Uncritical Lovers, Unloving Critics
"... I am going to take you on a 600-year tour of history, beginning some three centuries ago and stretching three centuries into the future. Such a tour might present some difficulties for a qualified historian, but it is a mere finger exercise for a practiced commencement speaker."
He starts with a brief look at history, going back to the seventeenth and eighteenth centuries, describing some of the ingredients that led humans to believe that they could have a hand at shaping their lives and institutions - the identification of cause-and-effect relationships, transportation and communication that enabled people to see the varied nature of human customs and institutions in other cultures, etc.
The last paragraph of the "history" section is great:
Men can tolerate extraordinary hardship if they think it is an unalterable part of life’s travail. But an administered frustration – unsanctioned by religion or customs or deeply rooted values – is more than the spirit can bear. So increasingly men rage at their institutions. All kinds of men rage at all kinds of institutions, here and around the world. Most of them have no clear vision of the kind of world they would want to build; they only know they don’t want the kind of world they have.
He then goes into a fictional account of the future (made possible by some pills he was given by a Cornell Scientist, who wasn't sharing his secret because he found his capacity to know the future rather profitable)...
"...But as one twenty third century scholar put it, "The reformers couldn’t have been less interested in the basic adaptability of the society. That posed tough and complex tasks of institutional redesign that bored them to death. They preferred the joys of combat, of villain hunting. As for the rest of society, it was dozing off in front of the television set."

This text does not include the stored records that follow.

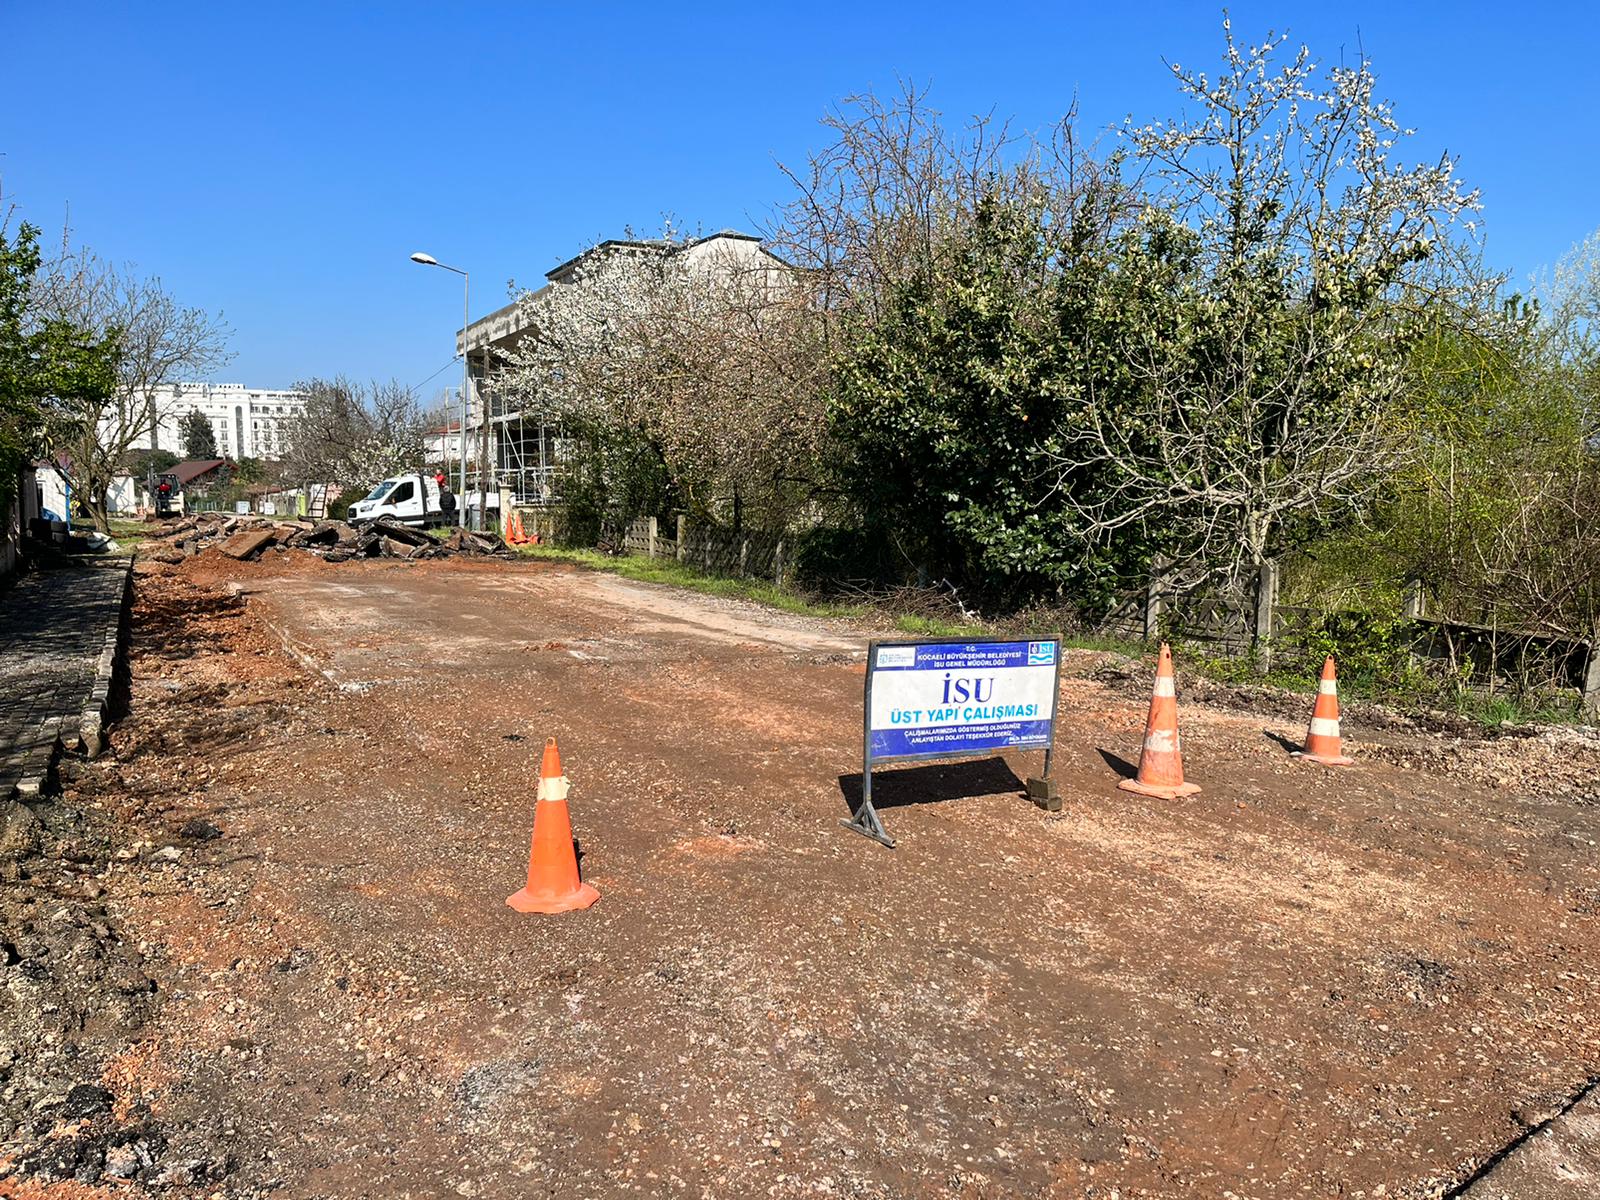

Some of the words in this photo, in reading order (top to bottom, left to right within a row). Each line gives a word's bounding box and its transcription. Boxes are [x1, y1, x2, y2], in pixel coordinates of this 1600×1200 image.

[946, 652, 986, 660] BÜYÜKŞEHİR
[987, 651, 1022, 659] BELEDİYESİ
[941, 673, 995, 703] İSU
[890, 708, 922, 724] ÜST
[927, 708, 958, 722] YAPI
[963, 704, 1038, 722] ÇALIŞMASI
[904, 728, 957, 737] ÇALIŞMALARIMIZDA
[965, 731, 993, 740] TEŞEKKÜR

The twenty third century scholars made another exceptionally interesting observation. They pointed out that twentieth century institutions were caught in savage crossfire between uncritical lovers and unloving critics. On the one side, those who loved their institutions tended to smother them in an embrace of death, loving their rigidities more than their promise, shielding them from life-giving criticism. On the other side, there arose a breed of critics without love, skilled in demolition but untutored in the arts by which human institutions are nurtured and strengthened and made to flourish. Between the two, the institutions perished.
The twenty third century scholars understood that where human institutions were concerned, love without criticism brings stagnation, and criticism without love brings destruction. And they emphasized that the swifter the pace of change, the more lovingly men had to care for and criticize their institutions to keep them intact through the turbulent passages.

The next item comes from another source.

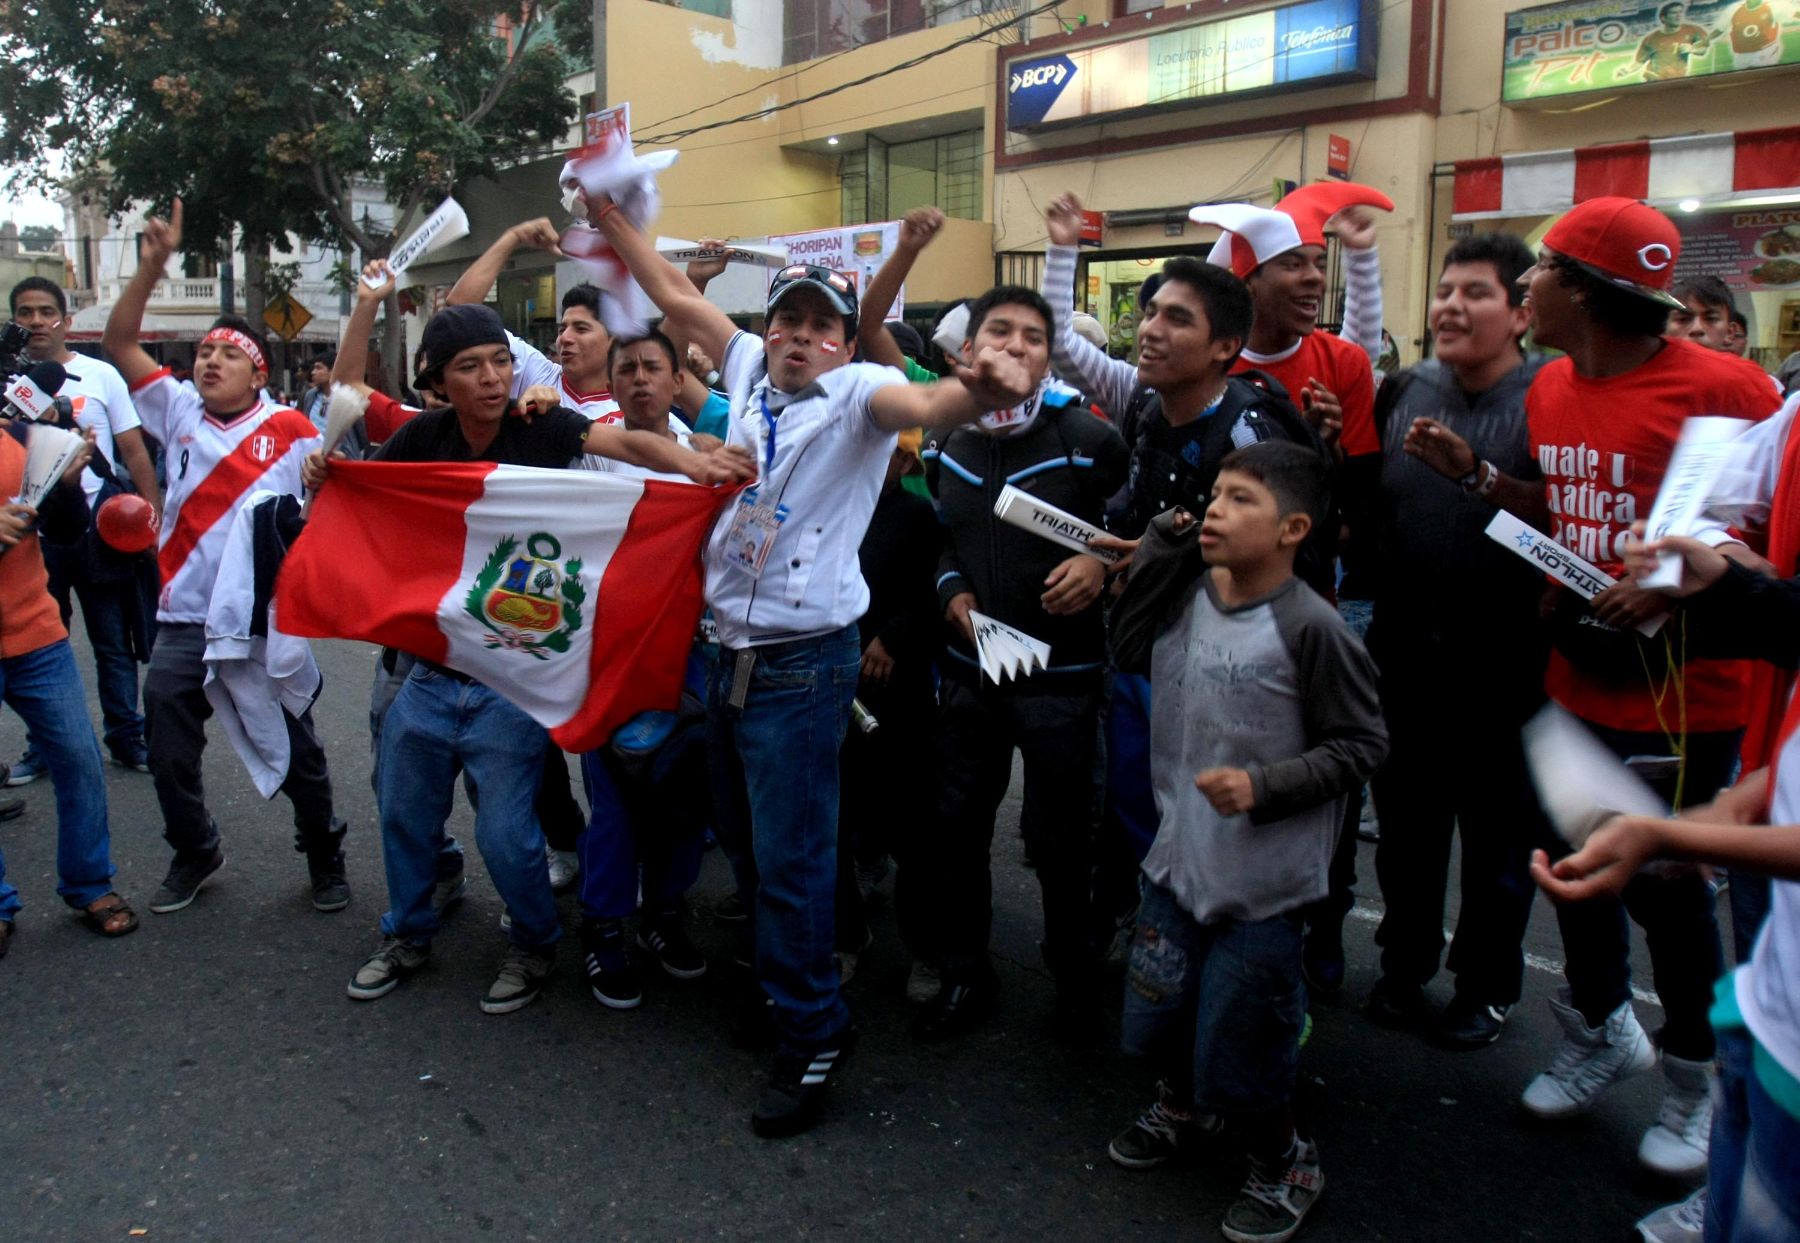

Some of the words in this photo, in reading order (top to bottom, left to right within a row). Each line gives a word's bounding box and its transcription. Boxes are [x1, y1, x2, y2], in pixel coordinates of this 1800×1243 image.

In short, men must be discriminating appraisers of their society, knowing coolly and precisely what it is about the society that thwarts or limits them and therefore needs modification. And so must they be discriminating protectors of their institutions, preserving those features that nourish and strengthen them and make them more free. To fit themselves for such tasks, they must be sufficiently serious to study their institutions, sufficiently dedicated to become expert in the art of modifying them.
Excellence: Can We Be Equal and Excellent Too?
Self-Renewal: The Individual and the Innovative Society
What do you think? What will it take to ensure the future of your "institution"? Are there other types of people besides the uncritical lovers & unloving critics? How do you deal with them?